Bad dinners like the one we went to last night

E-mail

Technology in general

My closet

Washing my hair

Bras

Funerals

Illness everywhere

Polls that show that 32 percent of the American people believe in creationism

Polls

Fox TV

The collapse of the dollar

Bar mitzvahs

Mammograms

Dead flowers

The sound of the vacuum cleaner

Bills

E-mail. I know I already said it, but I want to emphasize it.

Small print

Panels on Women in Film

Taking off makeup every night

What I Will Miss

My kids

Nick

Spring

Fall

Waffles

The concept of waffles

Bacon

A walk in the park

The idea of a walk in the park

The park

Shakespeare in the Park

The bed

Reading in bed

Fireworks

Laughs

The view out the window

Twinkle lights

Butter

Dinner at home just the two of us

Dinner with friends

Dinner with friends in cities where none of us lives

Paris

Next year in Istanbul

Pride and Prejudice

The Christmas tree

Thanksgiving dinner

One for the table

The dogwood

Taking a bath

Coming over the bridge to Manhattan

Pie

I absolutely love Nora Ephron, and not just because she was a fellow list-maker.

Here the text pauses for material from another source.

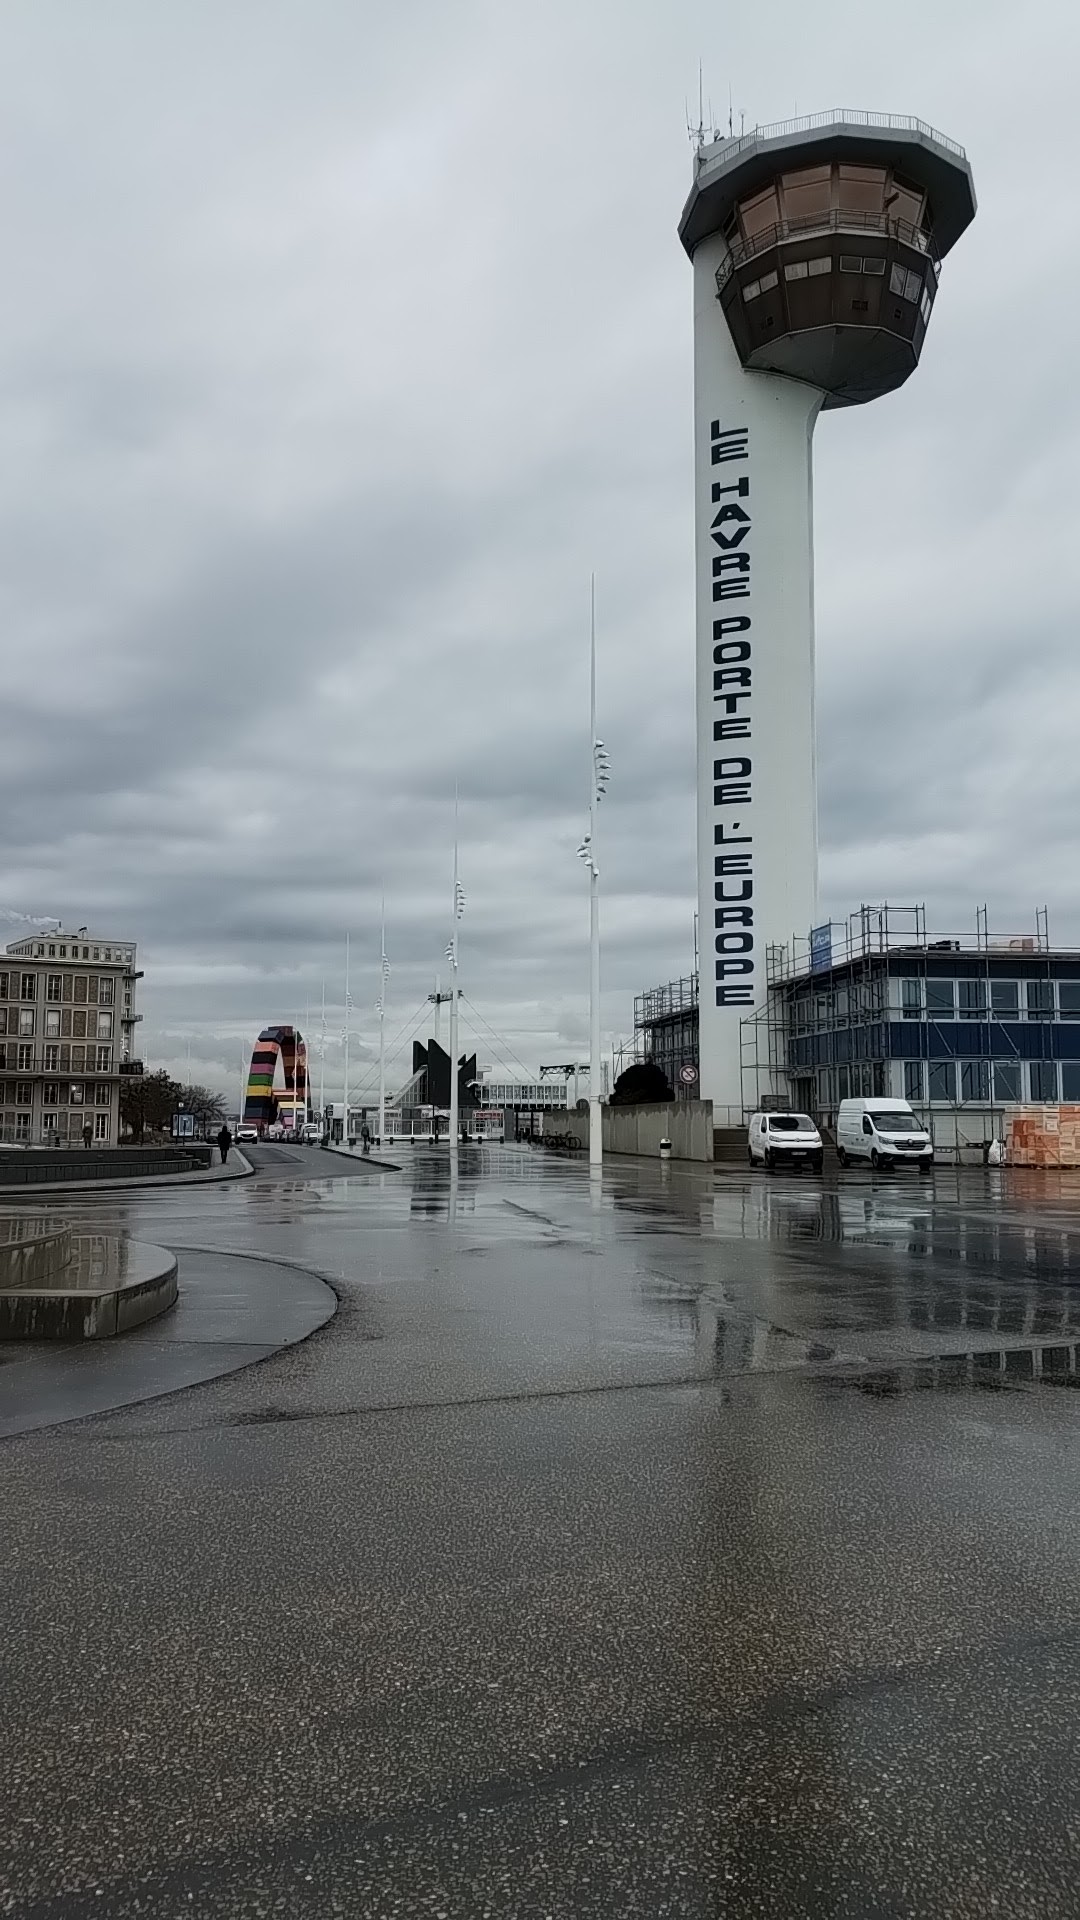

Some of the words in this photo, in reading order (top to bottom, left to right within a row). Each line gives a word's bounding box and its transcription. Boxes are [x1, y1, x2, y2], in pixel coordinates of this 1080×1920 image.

I love her. I use the present tense because I’m just getting to know her now, through her own work as well as via other people’s remarks on her. She was brilliant. She was hilarious. She was thoughtful among her close family and friends. She was smart. She seemed fearless in her role as a young journalist, and later as a moviemaker. I look up to Ephron as a true role model. And one particular quote of hers really speaks to me:

"As you age, live life to the fullest. Travel to exotic places, eat good food, walk in the park, read lots of books and under no circumstances eat egg-white omelets."